RAMALLAH, West Bank (Reuters) - While Paris’s Left Bank is famous for its fine restaurants and bustling cafes, Palestine’s West Bank is not. But that might be about to change.
The hilly city of Ramallah, which lies just to the north of Jerusalem, has undergone a massive boom in recent years on the back of Western donor support, with new smart eateries and bars mushrooming alongside a plethora of pristine office blocks.
Latest data says Ramallah and the adjacent town of Al-Bireh that it has utterly engulfed have more than 120 coffee shops and some 300 restaurants, with 50 new diners opening in 2010 alone.
“When I started, I was competing with three to four other places, now I compete with many,” said Peter Nasir, who turned an abandoned family house into a bustling restaurant in 2007, which draws around 150 customers a day.
“Restaurants are good business,” said Nasir, whose popular Azure restaurant lies close to the city center.

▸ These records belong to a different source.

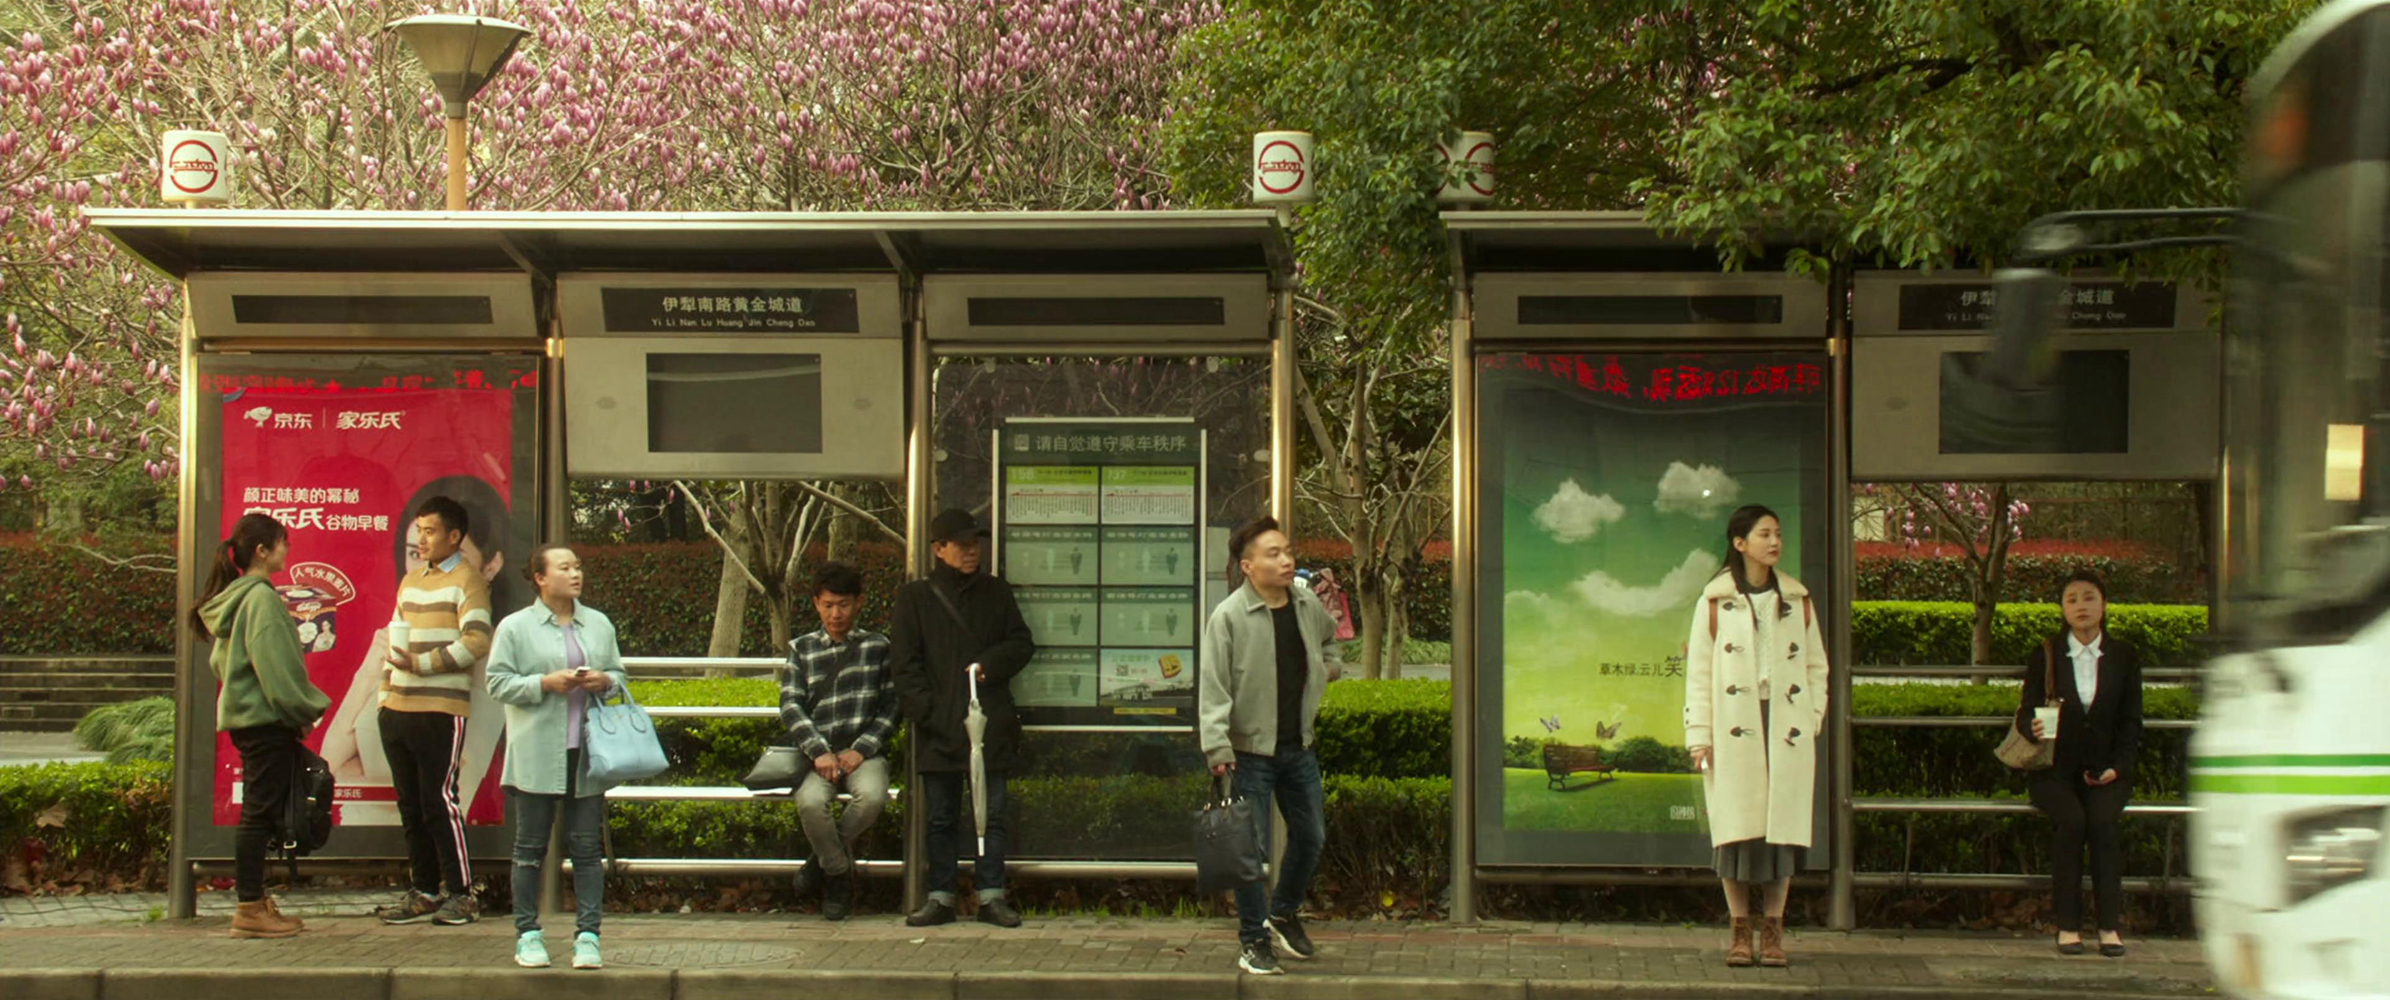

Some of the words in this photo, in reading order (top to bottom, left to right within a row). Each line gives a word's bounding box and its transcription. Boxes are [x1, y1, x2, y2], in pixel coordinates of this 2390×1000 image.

[662, 296, 803, 313] 伊犁南路黄金城道
[1961, 289, 2114, 306] 伊犁金城道
[652, 318, 661, 326] Yi
[667, 318, 675, 326] Li
[680, 318, 697, 326] Nan
[702, 318, 712, 326] Lu
[717, 318, 743, 328] Huang
[748, 318, 762, 326] Jin
[767, 318, 793, 328] Cheng
[799, 318, 815, 326] Dao
[274, 412, 312, 429] 京东
[336, 411, 402, 430] 家乐氏
[1036, 434, 1186, 452] 请自觉遵守乘车秩序
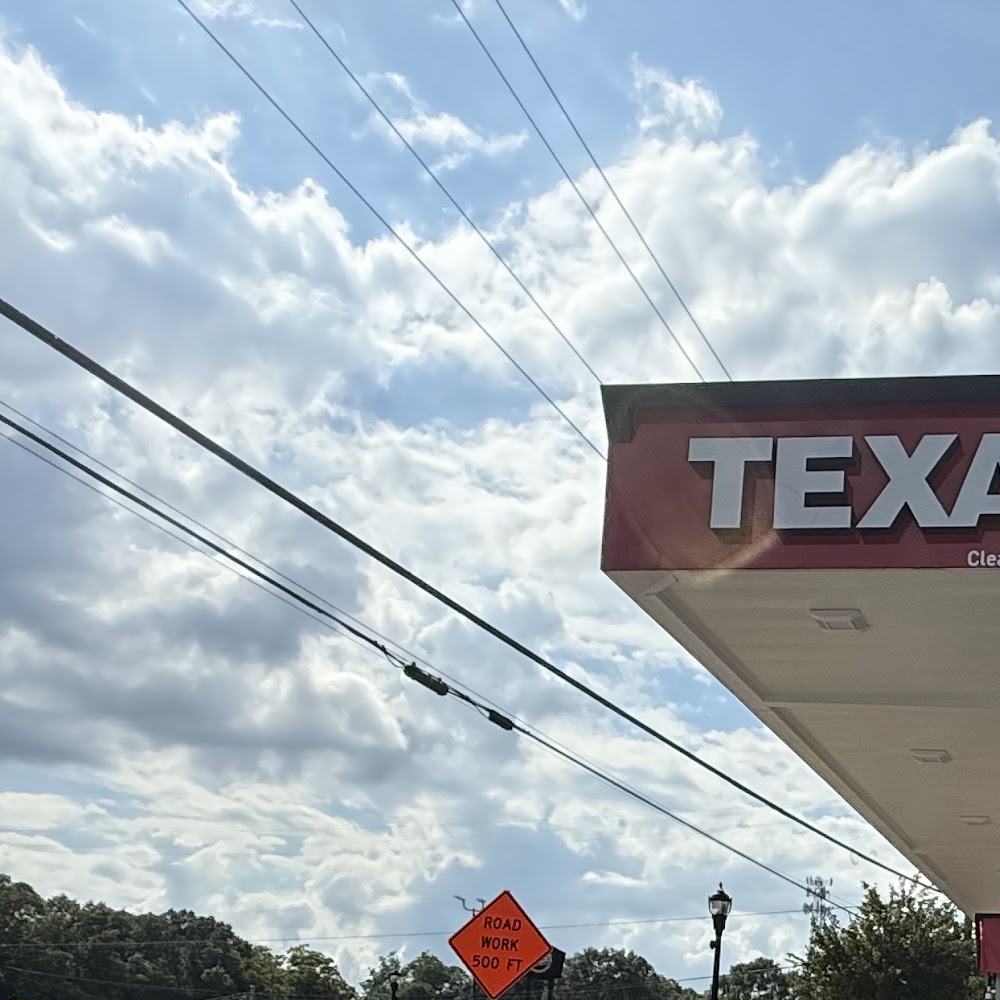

Until recently a small town in the occupied West Bank, Ramallah has seen its population double in the last decade to around 100,000, and plays host to a growing army of NGO workers, diplomats and an increasingly wealthy, middle-class elite.
“These people need food, need to sit down and talk, need to hold receptions. This explains the increase in restaurants,” said Mohammad Amin, head of Ramallah Chamber of Commerce.
The Palestinians dream of establishing a capital for their longed-desired independent state in nearby Jerusalem. But that city is fully controlled by Israel and with no Middle East peace deal in sight, Ramallah has rapidly risen to the fore.
The Palestinian Authority set up camp here when it was created in 1994 and is determinedly building an array of state institutions in the city in readiness for a wildly expected unilateral push for independence later this year.
Not everyone is happy with the accompanying boom in the service sector, and some long-standing businesses say there are not enough clients to go around.
“Ramallah is over-saturated with restaurants,” said Nidal Hassan, who opened his establishment ‘Stones’ in 1999, a year before the outbreak of the second Intifada, or uprising, against the Israeli occupation that nearly destroyed the local economy.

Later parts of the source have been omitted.